Studies on migration inadvertently reduce to economic issues, and such reductionist approach relegates several burning issues of migrants as non-issues. Migrants do face problems related to accessing health facilities, transportation, getting dwelling units to stay and above all, engage in social and political space as integral part of the society they live in. The process of development under neoliberal regime has crowded out public transport, bicycles and pedestrian paths from the road. Complexities in living conditions of migrants need to be located in the class biasness of the very development process which is deeply implicated in pushing people outside their place of birth and the society. Ramesh’s analysis of migrants from the North-East to Delhi offers informed insights to the social and cultural deprivations that the migrants are subjected to. However, concerns of young migrants for education and in white collar jobs are different from semi-skilled and unskilled casual labour migrants, and women migrants meet a set of other grave issues. Heterogeneity and differences assume significance in this context and bracketing of students and casual workers under a uniform identity as migrants, compound issues.

Migration history and its pattern in the state of Punjab are different. Labours migrate to Punjab while educated youth move out from the state to outside India. Singh argued that the trend and pattern of migration in Punjab is a paradox. Although the daily wage for agricultural labours in many districts in Punjab is comparable with neighbouring states, regular employment in the farm sector attracted labour households to Punjab. Singh argued that migration to Punjab and migration from Punjab to other countries have substantially contributed to the development of the state economy. Mishra distinguished between permanent and seasonal migrations in Odisha. Poor performance of agriculture, little alternative skills to engage in non-farm occupations in the place of birth forced the labours to migrate to other states for livelihood.

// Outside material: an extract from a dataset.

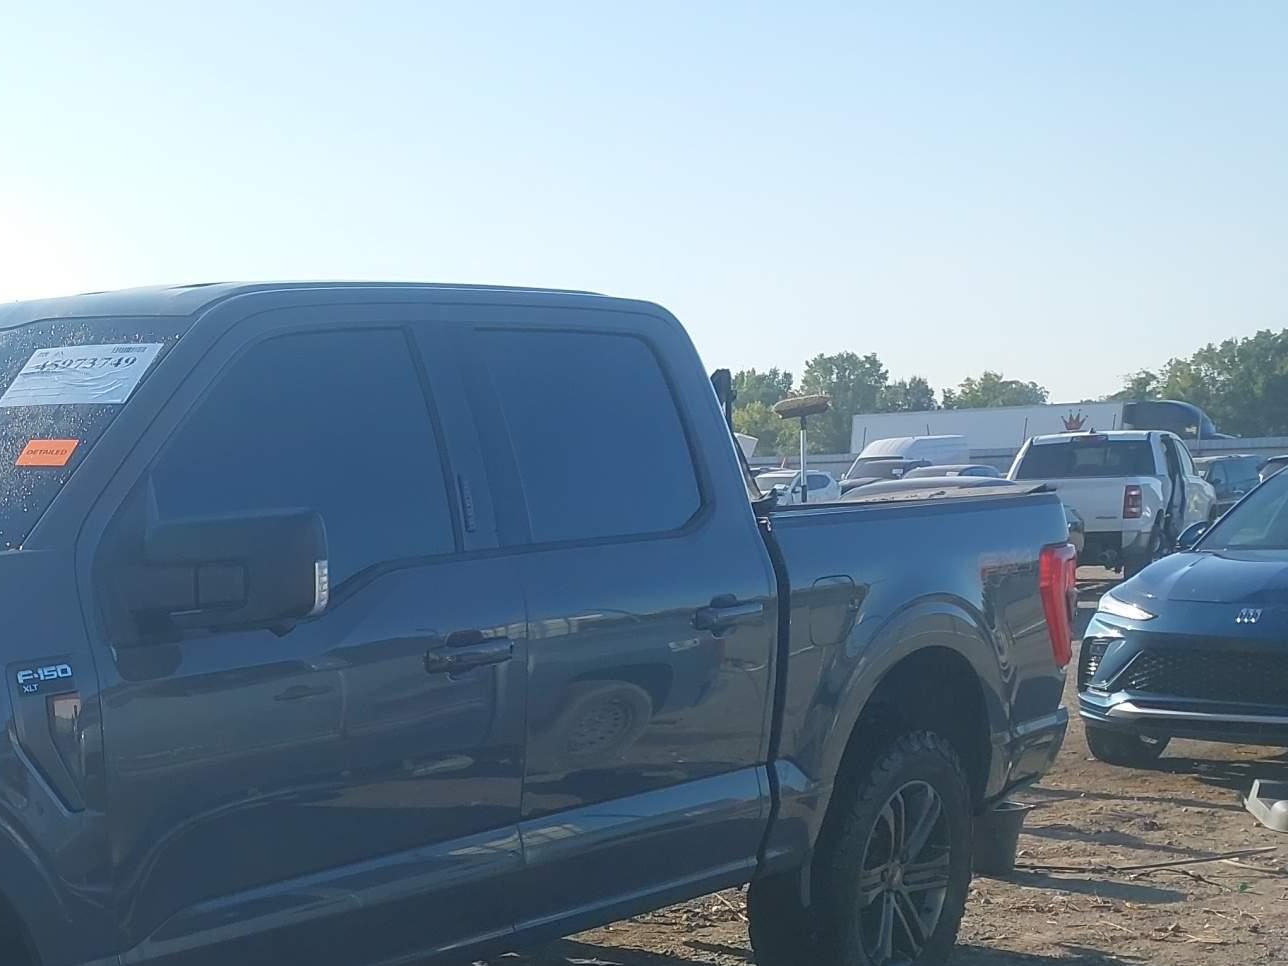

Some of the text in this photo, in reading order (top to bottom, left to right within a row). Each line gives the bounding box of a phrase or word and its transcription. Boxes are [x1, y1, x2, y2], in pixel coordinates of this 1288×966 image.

Overall, this is a clear, concise and engaging book and much-needed addition to the scholarship on internal migration. This book presented a varied account on migration with a rare combination of case studies, primary survey-based observations, supplemented with secondary data analysis. This book is ideal for policy makers as well as researchers on migration, and Mishra has succeeded in combining rigour with accessibility. The editor of the volume has succeeded in bringing everything together associated with internal migration in the book.